Extratemporal epilepsy can mimic TLE but seizures actually arise from the insula, operculum, orbitofrontal cortex, or parietal–occipital areas and can produce temporal-like semiology after spreading to the temporal lobe. Similarly, temporal-plus epilepsy arises from a network that involves anteromesial temporal sources but extends beyond the confines of a typical ATL to include extratemporal structures.28,29,34 A subset of the extratemporal cohort are patients with dual pathology, such as cortical dysplasia, tumor, or heterotopia.

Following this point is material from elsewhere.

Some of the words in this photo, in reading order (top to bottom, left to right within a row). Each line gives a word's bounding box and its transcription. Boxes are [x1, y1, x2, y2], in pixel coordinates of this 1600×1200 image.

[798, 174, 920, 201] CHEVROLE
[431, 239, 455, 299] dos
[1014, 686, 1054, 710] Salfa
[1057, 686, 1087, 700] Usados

Depending on feasibility, repeat resection of the second focus may be curative; neuromodulation can serve as an alternative.32,33 In those with dual pathology, combined treatment of all active epileptogenic lesions significantly improves seizure freedom compared with single-lesion surgery. 35

Discussion

ATL failure should not be viewed as a terminal outcome but rather as an opportunity to reevaluate epileptogenic mechanisms and individualize further therapy using modern diagnostic and therapeutic tools. Addressing ATL failure demands that we revisit the technical goals of the initial operation, reassess whether the epileptogenic network extends beyond the temporal lobe, and account for the tradeoffs between seizure control and neuropsychological outcomes. These considerations are increasingly important given growing recognition that TLE itself is more heterogeneous than previously recognized, with substantial variability in network organization and capacity for reorganization.

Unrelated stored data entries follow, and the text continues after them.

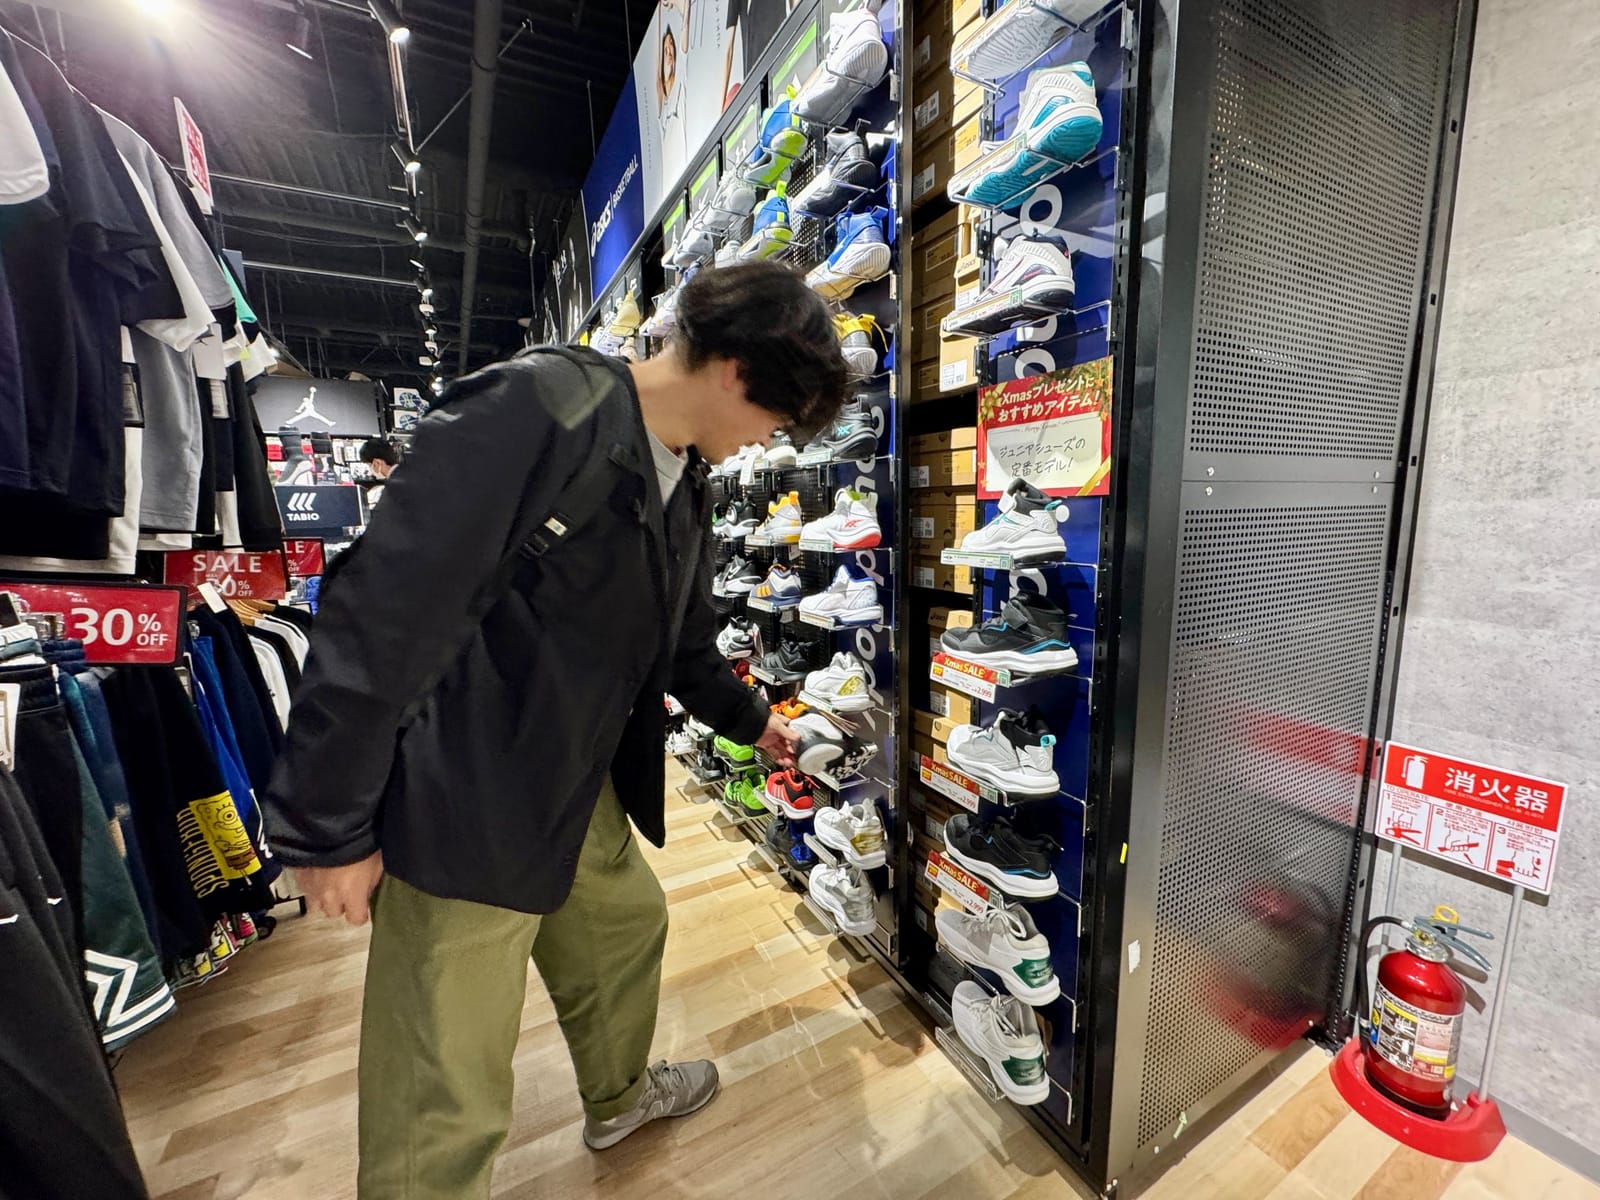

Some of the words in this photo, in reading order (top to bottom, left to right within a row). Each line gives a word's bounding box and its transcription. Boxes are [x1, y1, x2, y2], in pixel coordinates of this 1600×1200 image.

[1001, 374, 1095, 406] Xmasプレゼントに
[1000, 435, 1086, 459] ジュニアシューズの
[286, 512, 320, 521] TABIO
[192, 554, 262, 574] SALE
[237, 589, 253, 597] OFF
[136, 633, 169, 646] OFF
[1386, 784, 1395, 792] TO
[1396, 787, 1429, 800] OPERATE
[1444, 767, 1549, 814] 消火器
[1436, 808, 1444, 816] 2
[1497, 826, 1506, 834] 3

The timing of seizure recurrence provides an important framework for classification. Early recurrence, defined as within 6 to 12 months, suggests incomplete resection or inaccurate localization of the epileptogenic zone, whereas late recurrence more often reflects progressive pathology or network reorganization. 36 Here, we propose a framework for reevaluating failed ATL cases and categorizing cases by failure mechanism: by first determining whether the postoperative resection boundaries match the preoperative intent, then determining whether the presurgical hypothesis was incorrect or incomplete. The reevaluation process begins with basic diagnostic tests including MRI and EEG, but may expand to ancillary imaging tests and sEEG if the reason for the surgical failure is not easily identified.

As our surgical armamentarium expands, reduced exposure to traditional ATL techniques during residency and fellowship may have downstream implications in terms of case selection and technical expertise. Recognizing this risk underscores the need to maintain proficiency in established surgical approaches alongside newer technologies.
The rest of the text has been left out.